この病院では、16の用途別の電力消費量を把握しているため、建物の中でどのような用途が影響しているかをBL推定で調べました。BL推定の方法は、先ほどの建物全体と同様です。

図3は建物全体や用途別のBL値と実績値の差を示します。2021年以前は、建物全体の差(青線)は、主に熱源設備と熱源補機(ポンプや冷却塔等)、空気搬送(空調機等)の3用途の差と一致していることがわかりました 。
このことは、この3用途において省エネルギーの取り組みを行うことが、大きな影響力を持って建物全体の省エネルギーにもつながることを意味します。

一方で、2021年度以降は建物全体の差が大きくなっており、新型コロナ禍の影響を2017年度の推定モデルでは説明しきれないこともわかりました。新型コロナ禍の影響を受けて運用が大きく変わった状況下の取り組みを評価するには、新たな推定モデルを作成する必要があるということになります。

図3 建物全体と用途別電力量のBL値と実績値の差

空気搬送の用途のエネルギーを推定してみる

先に特定した3用途のうち、空気搬送用途の電力量のBL推定結果を図4に示します。2020年4月頃からBL値と実績値の差が生じており、新型コロナ禍への対応として空気搬送の用途に含まれる空調機が24時間運転していた影響が大きいことがわかりました。あらためて新型コロナ禍の前と比べて大きな運用の変化であったことを確認できました。

図4 空気搬送用途の電力量のBL推定結果

熱源システムの効率を推定してみる

先に特定した熱源設備と補機の用途の組み合わせを評価するために、熱源システムの効率(COP)をBL推定しました。ここでCOPを説明する変数としては、月日や時間、外気温や湿度、熱源での製造熱量等を設定しました。

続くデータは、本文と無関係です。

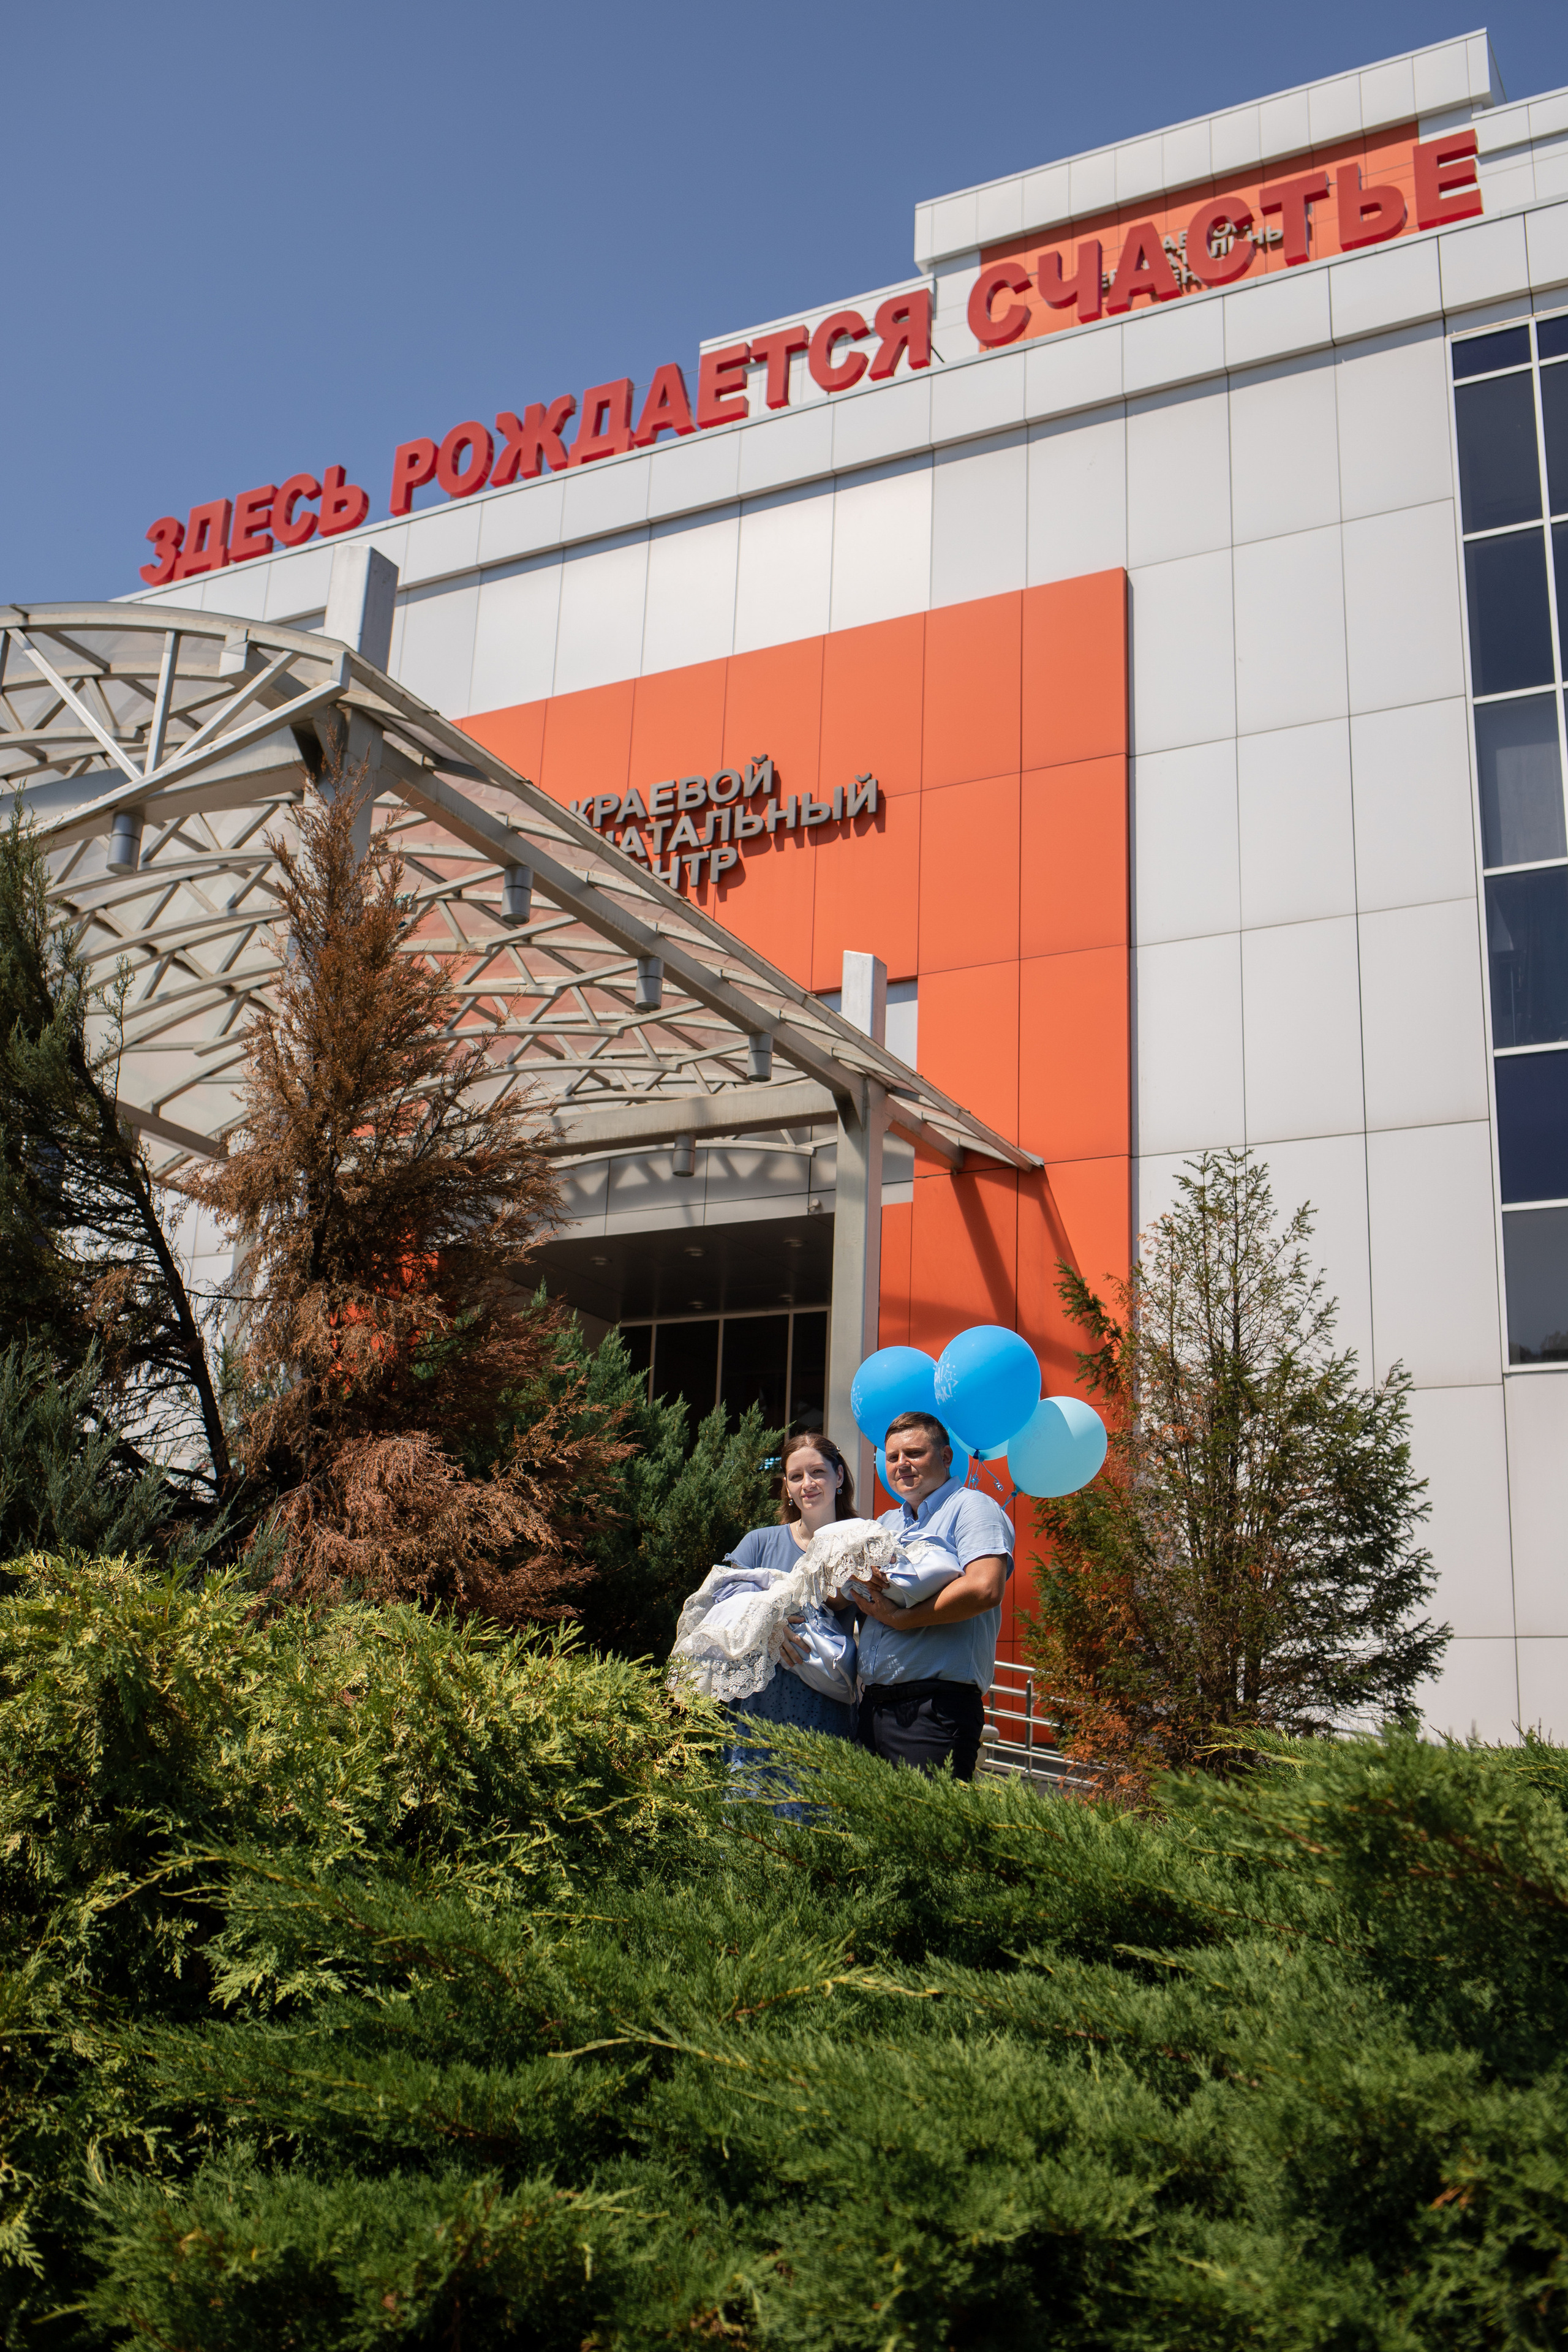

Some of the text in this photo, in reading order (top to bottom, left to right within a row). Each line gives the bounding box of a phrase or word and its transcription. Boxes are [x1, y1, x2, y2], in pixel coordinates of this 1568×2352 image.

図5に熱源システムのCOPのBL推定結果を示します。2019年度以降の冬期にBL値と実績値の差が大きいことがわかりました。詳しく調べてみると、熱源補機のうち冷却水ポンプの制御に不具合があることがわかり、制御を調整・改善することで省エネルギーにつながりました。

図5 熱源システムの効率(COP)のBL推定結果

おわりに

本研究では、AI(機械学習)を活用したBL推定により、気象条件や建物利用状況が変化する中でも、エネルギーの使用状況を把握し、省エネルギーの取り組みを効果的に行うための用途を特定し、具体的に機器やシステムの改善につなげるという流れを示しました。今後は、この方法を用いて、より多くの建物での省エネルギー化を進めていきたいと考えています。

なお、本成果は、名古屋大学施設・環境計画推進室の田中英紀教授との共同研究によるものです。

図6 AIを活用した省エネルギーの取り組みフロー


高橋 直樹(執筆者)
日建設計総合研究所 環境部門
上席研究員

脱炭素社会の実現に向けた継続的なエネルギーマネジメントを行っています。AI(機械学習)の活用は、その実現のための強力な武器であると考えています。